74 The appellants were not prevented from giving or communicating evidence unless it is assumed that they had evidence to give. No such assumption can be made. Apart from the responses to the hearing invitations, there is no evidence to indicate that the Tribunal was told that either of the children wished to give evidence or that Mr Willis wanted them to be called, or, indeed, that they had any relevant evidence to give. No statements were submitted from them, either before or after the hearing. And neither the pre- nor post-hearing submissions identified such evidence. Section 425 does not require that the Tribunal actively assist an applicant to put his or her case: SCAR at [36]. Nor does it impose an obligation on the Tribunal to call further evidence or to seek out evidence for itself; "the hearing required by s 425 of the Act is not nullified by a mere failure by an applicant to present his case in the best possible light": Minister for Immigration and Citizenship v SZNVW (2010) 183 FCR 575 at [22] (Keane CJ).

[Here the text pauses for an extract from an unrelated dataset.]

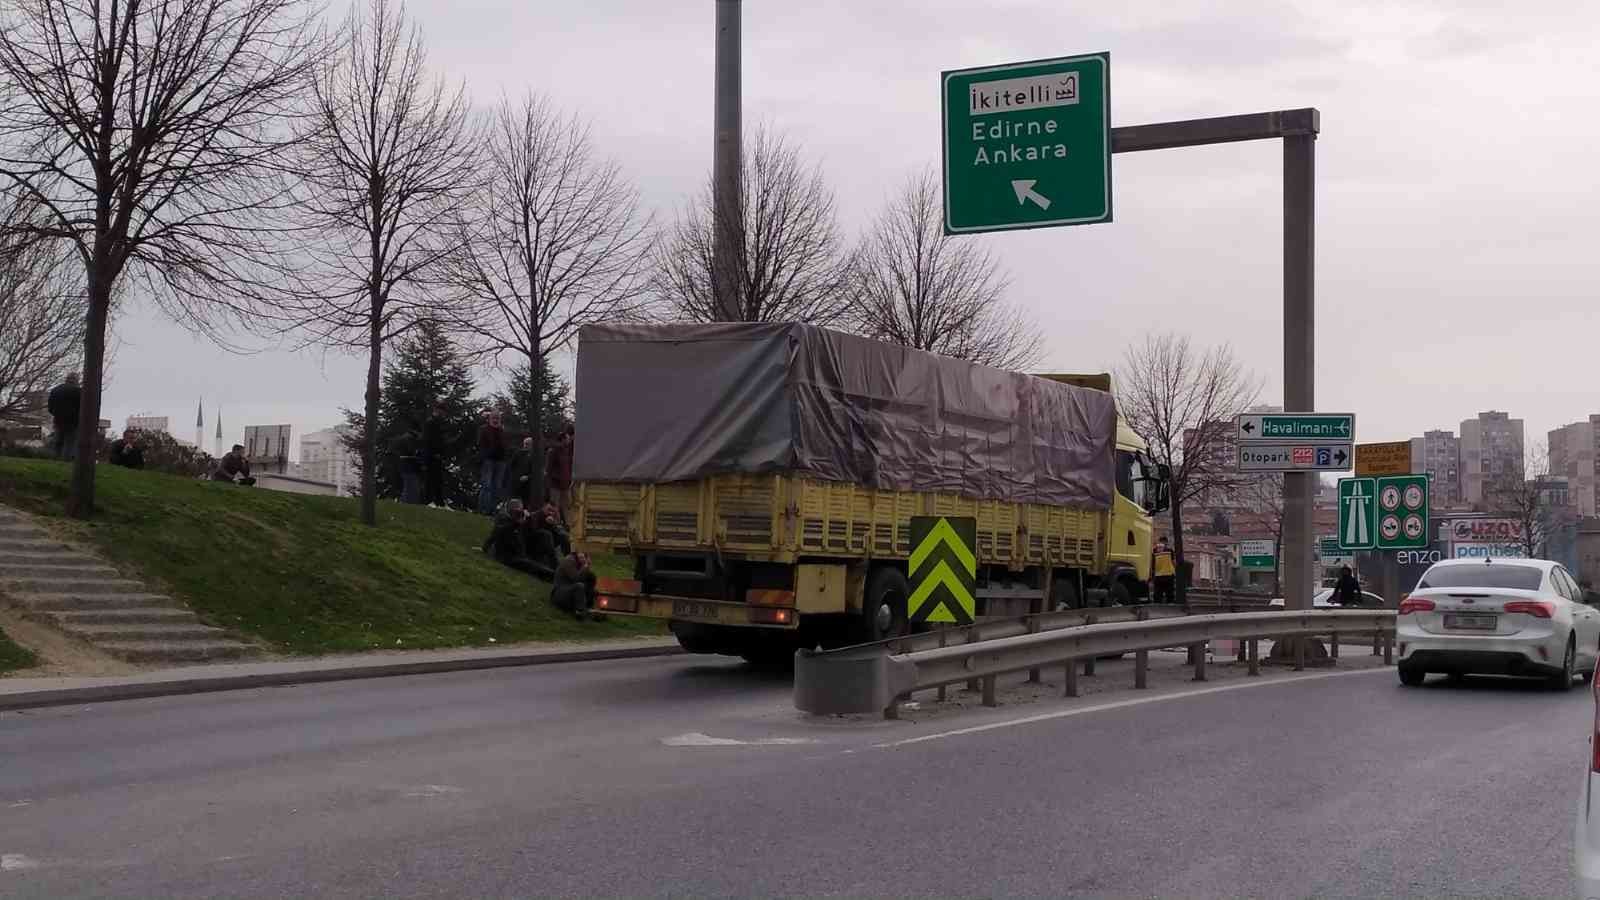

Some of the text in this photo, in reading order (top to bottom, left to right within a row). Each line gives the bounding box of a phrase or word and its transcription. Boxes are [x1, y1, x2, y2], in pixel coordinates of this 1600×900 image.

75 It follows that we are not persuaded that there was a denial of procedural fairness or a failure to comply with s 425. As the appellants' submissions in the court below acknowledged, with respect to obligations of procedural fairness, "[t]he concern of the law is to avoid practical injustice": Re Minister for Immigration and Multicultural Affairs; Ex parte Lam (2003) 214 CLR 1 at [37] (Gleeson CJ). The appellants, who bear the onus, have not demonstrated that the Tribunal's decision to exclude the children from the hearing room, puzzling though it may seem, resulted in any practical injustice. It was up to them to demonstrate that, in a practical sense, they lost an opportunity to give material evidence or to make a material submission: CSR Ltd v Eddy (2008) 70 NSWLR 725 at [38] (Basten JA, Hodgson and McColl JA agreeing at [1] and [10] respectively). They failed to do so.
76 In reaching this conclusion, we would not want our remarks to be taken as an unqualified endorsement of the approach the Tribunal took. It would have been both prudent and preferable for the Tribunal to have directly raised with Mr Willis at the conclusion of the husband's evidence whether either of the children wanted to give evidence or listen to the submissions or simply re-enter the hearing room. That is particularly so, given that Mr Willis, through no fault of his own, was only able to appear by telephone. In the absence of a transcript or recording of the hearing, however, which might have cast some light on why the children were asked to leave the hearing room and the subsequent events, it would be inappropriate to say anything more.